The 2012 article states that “although educational outcomes have greatly improved in Mexico, low high school graduation rates and high attrition rates in the northern industrial states of Baja California and Chihuahua ‘hinder development of a highly educated work force,’” according to a University of San Diego Trans-Border Institute study. This gives people a ”strong incentive” to cross the border, one scholar told the publication.

In a BuzzFeed video from earlier this year, a student at the University of California, Irvine, says she crossed the border into California from Tijuana, Mexico, for 10 years after her parents decided one day that their children should learn English. She and her siblings woke up at 3 a.m. each day and initially crossed the border by car, and later by walking across and traveling to school on a trolley and then a bus.

The Washington Post’s Lyndsey Layton wrote a story in 2013 about a Columbus, New Mexico school district, where educating children who lived across the border in Palomas, Mexico was a longstanding tradition — albeit, a controversial one.

“The tide of students washing over the border has drawn muted complaints from some local residents over the cost to U.S. taxpayers. But most accept the arrangement as a simple fact of life on the border, which feels like an artificial divide between communities laced together by bloodlines, marriage and commerce,” she reported.

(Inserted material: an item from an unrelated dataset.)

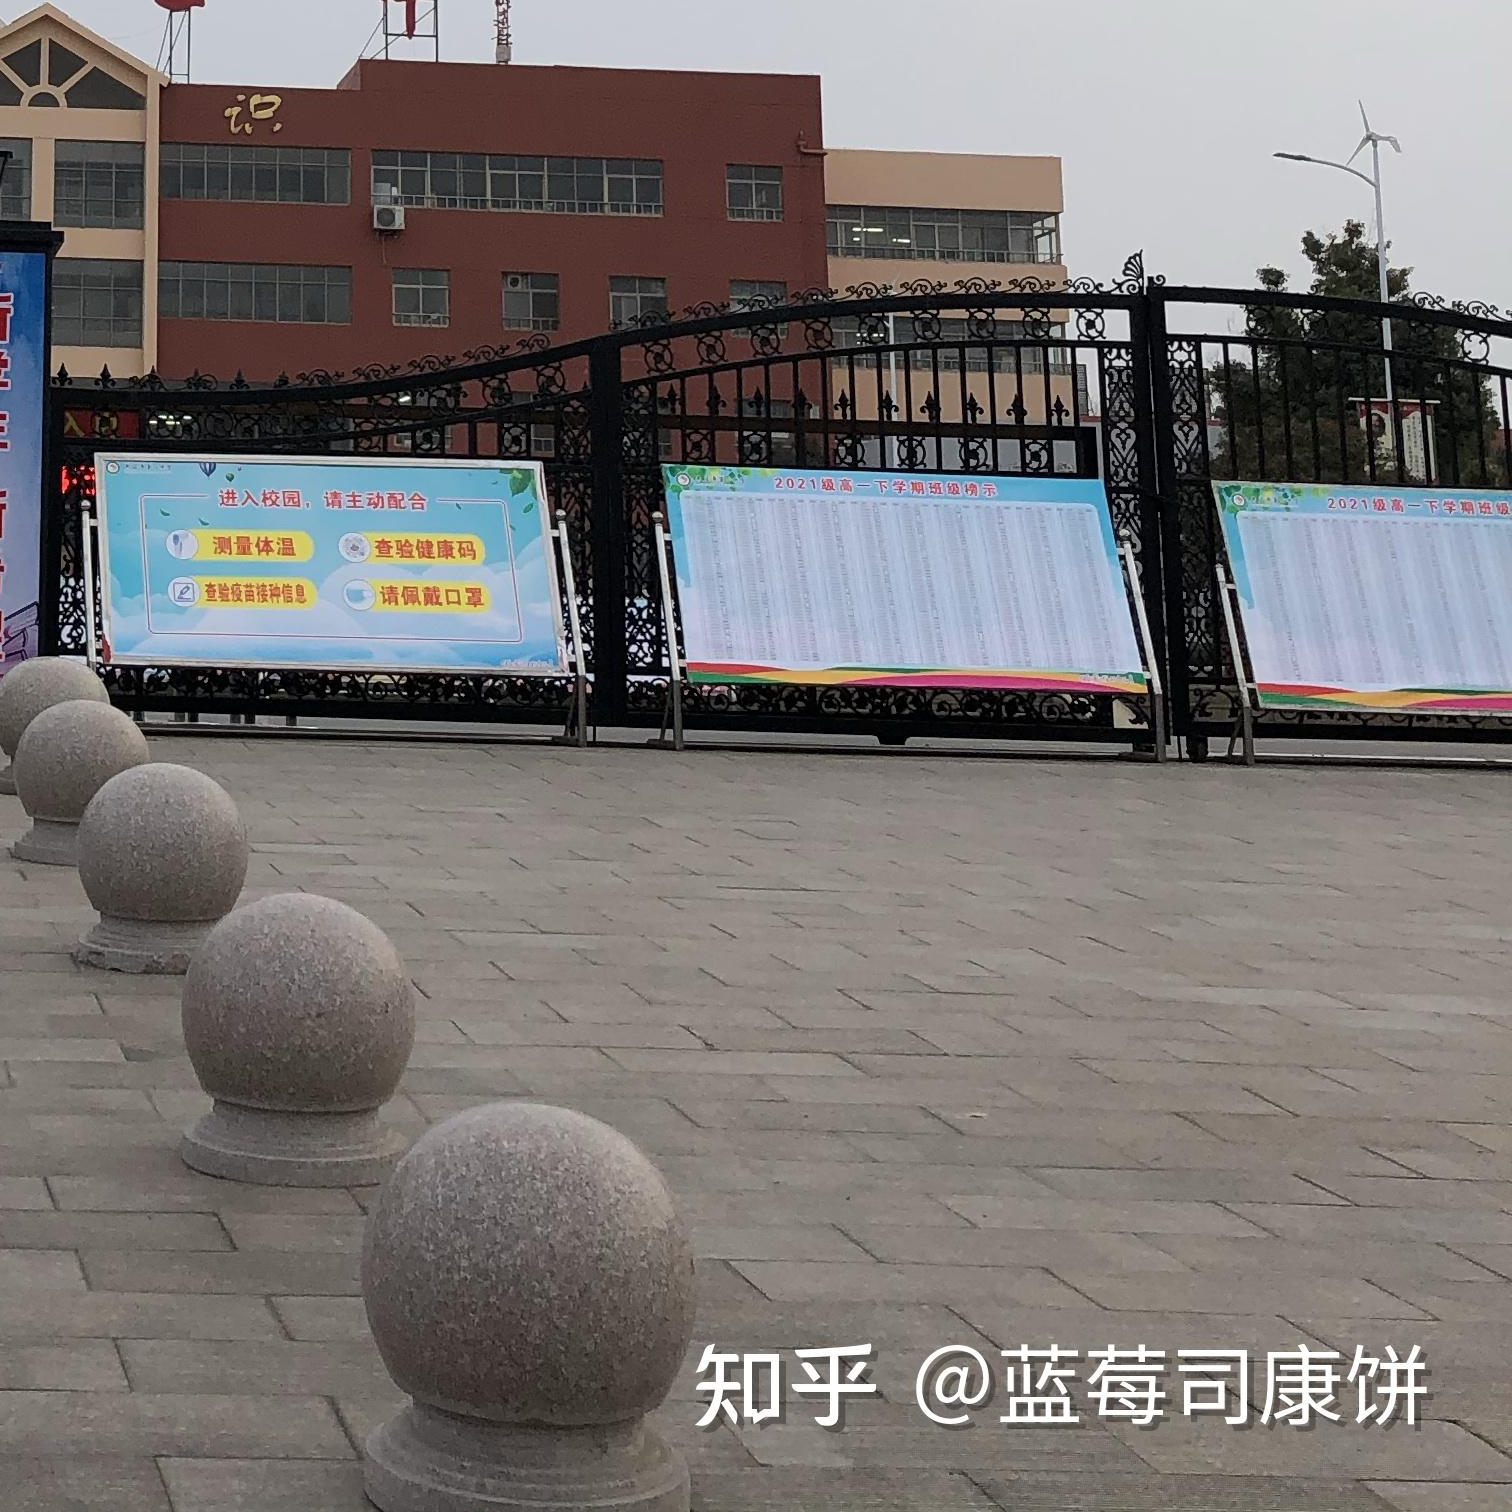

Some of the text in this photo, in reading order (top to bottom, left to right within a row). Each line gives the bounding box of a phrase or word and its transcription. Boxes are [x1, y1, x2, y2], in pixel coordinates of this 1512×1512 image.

Families who live in Mexico are able to secure an American education for their children either through charter schools or tuition programs, KENS 5 reports. According to BuzzFeed, this access is also sometimes attained through owning property in the U.S. or obtaining a student visa to attend a private school.

Though the exact numbers of students who do this are unknown, The New York Times article states, ”their presence reflects the daily complexities of border life — among them, economic and educational disparities between the United States and Mexico and families splintered by deportation and unemployment.”